By Tenzin Monlam
UN High Commissioner for Human Rights, Prince Zeid Ra'ad al-Hussein
DHARAMSHALA, March 9: The United Nations High Commissioner for Human Rights, Prince Zeid Ra'ad al-Hussein, expressed concerns over the lack of fundamental rights in China under the rule of Chinese President Xi Jinping at the ongoing 37th session of the Human Rights Council in Geneva yesterday.
While calling Xi’s ‘people-centered development for win-win outcomes as part of a community of shared future for mankind’ a ‘commendable ambition, the UN rights chief addressed that the situation remains grim from what is presented. He said, “Sadly, China's global ambitions on human rights are seemingly not mirrored by its record at home.”

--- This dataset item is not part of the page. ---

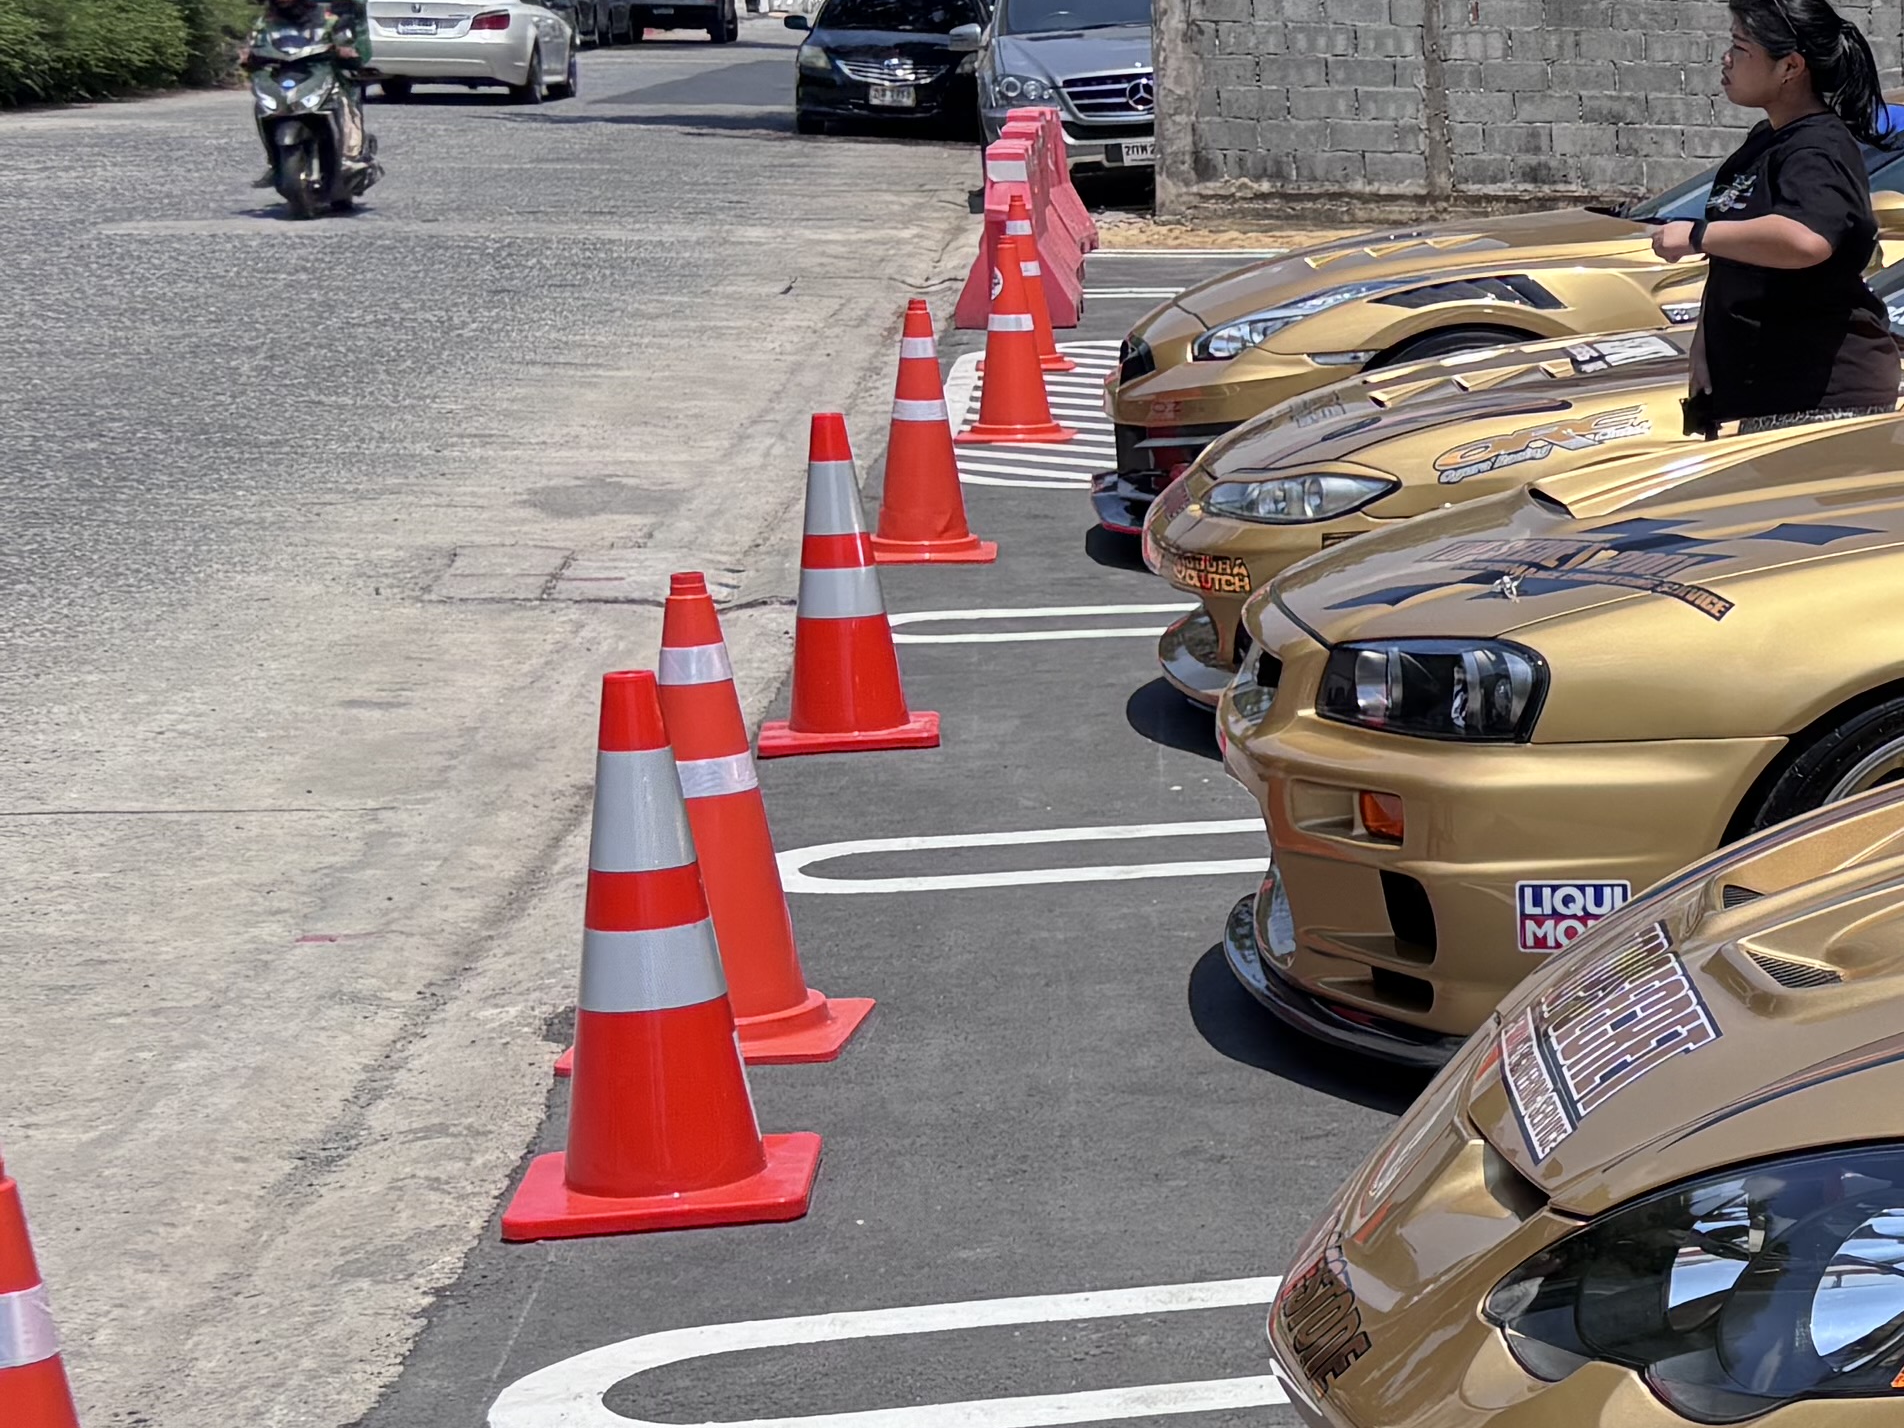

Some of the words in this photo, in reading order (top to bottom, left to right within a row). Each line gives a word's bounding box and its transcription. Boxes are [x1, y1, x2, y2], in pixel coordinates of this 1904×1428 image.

The UN rights Chief in his annual report on the activities of his Office and recent human rights developments added that his office continues to receive ‘urgent appeals’ regarding arbitrary detentions, enforced disappearances, ill-treatment and discrimination, emanating from human rights defenders, lawyers, legislators, booksellers, and members of communities such as Tibetans and Uyghurs.
“Many of these cases involve people struggling against economic, social and cultural injustices, such as cases of corruption; illegal seizure of land and forced evictions; destruction of cultural sites; constraints on religious practices and restrictions on use of local languages,” the 54-year-old High Commissioner said.
Cases such as demolition of Tibetan Buddhist institution of Larung Gar and Yarchen Gar, forced eviction of students studying in these institutions and imprisonment of Tibetan language rights activist Tashi Wangchuk include in the list of absence of rights listed by the UN rights chief.
Prince Zeid also said he looked forward to resolving some of these issues with the Chinese Government ahead of China’s UPR review in November.
The former Ambassador in his statement condemned all acts of terrorism unreservedly stating that there is no justification of this blind violence, which lashes out against ordinary people.
On the 70th anniversary of the Universal Declaration of Human Rights, he hopes that every authoritarian leader would commit to the spirit of Universal Declaration of Human Rights.
“Everything that’s bolted on – that is color, race, ethnicity, gender and all the rest – comes only after the acquisition by each of us of our rights as human beings. And this is what the adoption of the Universal Declaration formalized seventy years ago,” he said.